Following revelations earlier this week by The Shift News about the hospitals deal that saw Vitals Global Healthcare, just 21 months into its 30-year contract, transferring its concession to run three state hospitals for €70 million a year to Steward Healthcare for a paltry €1, there are some vital questions that need to be answered.
And new questions about how procurement for the hospitals has been all but ring-fenced within that company also need to be answered after it was reported how the real owners of Vitals set up a number of secret offshore companies used to fund the takeover of the hospitals' different medical suppliers.
The hospitals may now be run by the private sector but they are still state facilities and, as such, the people deserve to know what exactly is going on.
The only problem is that such answers are in very short supply indeed, unless the repeated cyber attacks perpetrated against the news website running the stories this week are to be counted as an answer of sorts.
The Vitals deal for public hospitals is as dubious as the ElectroGas deal on energy, and they were both spearheaded by the same minister implicated in the Panama Papers - Konrad Mizzi. It appears that, in both deals, either the government has not done its homework and has been had, or it has done an awful lot of it and has had the country in the process.
And, just like the ElectroGas deal, which was highly beneficial to the country insofar as the conversion to a natural-gas fired power plant is concerned, so too the Steward deal may also prove beneficial for the country in the long run.

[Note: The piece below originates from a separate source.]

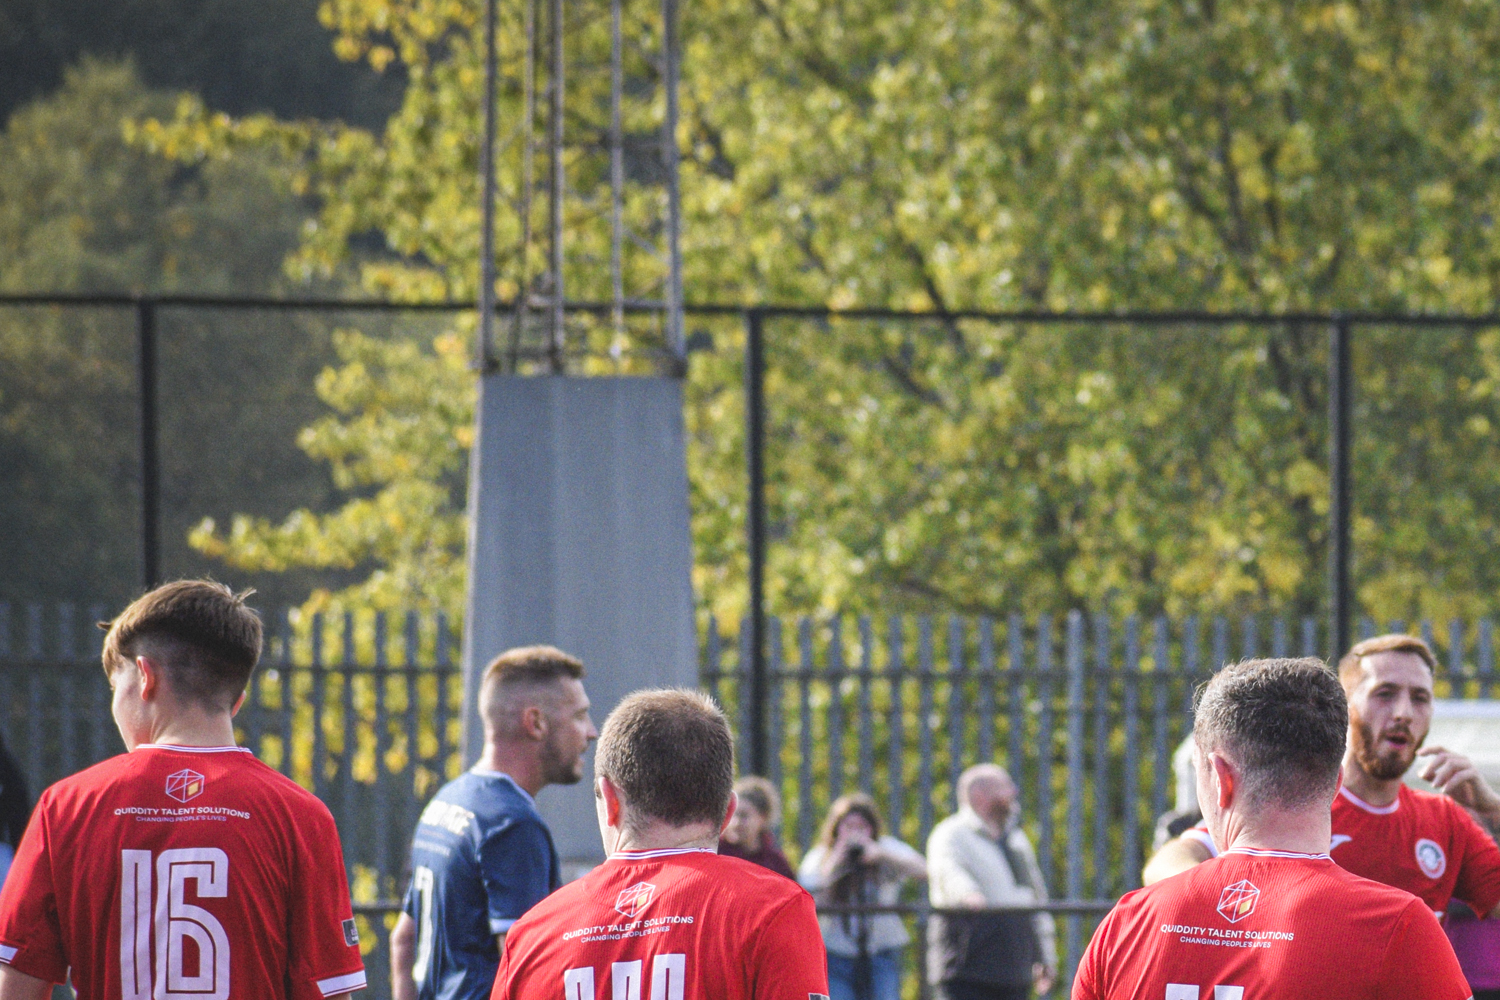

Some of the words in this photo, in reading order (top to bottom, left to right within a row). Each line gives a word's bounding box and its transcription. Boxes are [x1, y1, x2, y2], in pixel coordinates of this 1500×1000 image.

But in both cases, the superficial benefits of a deal are not enough to offset what has been a case of state-sanctioned daylight robbery. Nor do they offset questions about who, exactly, is benefitting from the financial machinations that were at times employed so artlessly and at other times so skilfully.
News of the secret agreement in which VGH's investors used offshore companies to fund a former sales manager's €5 million takeover of a supply company, was revealed in a previously undisclosed share purchase agreement published by The Shift News this week.
Mizzi, however, says he only learned of the deal through the media this week. He insisted that he could not intervene in the private sector's business and that he preferred various sources for the hospital's equipment and supplies rather than a single source.
But from where we stand, the fact that Vitals used secret offshore companies to hide their purchases of suppliers warrants a criminal investigation. It could also violate European Union procurement regulations.
Earlier this week, Deputy Prime Minister and current Health Minister Chris Fearne said that plans were underway to scrap the controversial deal that granted the secretly-purchased company exclusive procurement rights for the St Luke's, Karin Grech and Gozo hospitals.
He also insisted that he did not believe in a model of procurement that grants exclusivity to a single company and that Steward was now working to reverse the contract.
This may be all well and good but the question must be asked: how was this done and how was it allowed in the first place? Was the purchasing of supply companies always in the game plan, or did the golden opportunity merely present itself?
This, of course, all goes over and above the rest of the suspicious deal, which is being investigated by the National Audit Office.
Vitals Global Healthcare was a tiny, unknown company with absolutely no track record in healthcare, let alone in running state facilities. And, again, the company is owned by persons unknown, before this week, in the secretive jurisdiction of the British Virgin Islands and elsewhere. But the government does not appear to be bothered about what it made from the deal, nor does it appear to be concerned about who the beneficiaries of the deal are.
Thanks to the Opposition, this case will also be investigated by the courts after Nationalist Party leader Adrian Delia took the issue to court to have the entire deal rescinded.
In this case, as in others, a company entered into a sweetheart deal with the government that saw its value driven upwards by the attractive incentives offered, and it sells out at a profit earned off the back of the Maltese taxpayer.
But when this particular sweetheart deal is eventually investigated by the Auditor General, as is planned, will it merely suffer the same fate as the ElectroGas report? Will it merely be ignored until, one day, the administration of this country, which is perhaps viewed by some as little more than a piggy-bank to be raided, is changed and real action is taken?
In the meantime, the government appears to be treating the deal like one that does not concern the public and, indeed, the public normally need not be concerned with the wheelings and dealings between two private companies, as long as they are paying the appropriate amount of tax.
But when state assets are concerned, such matters are in the public interest. And when these state assets are assets that affect a country's population on the most fundamental of levels, their very healthcare, the ante is upped further still.
Yet the people are being treated, rather insultingly, as though none of this is any of their business.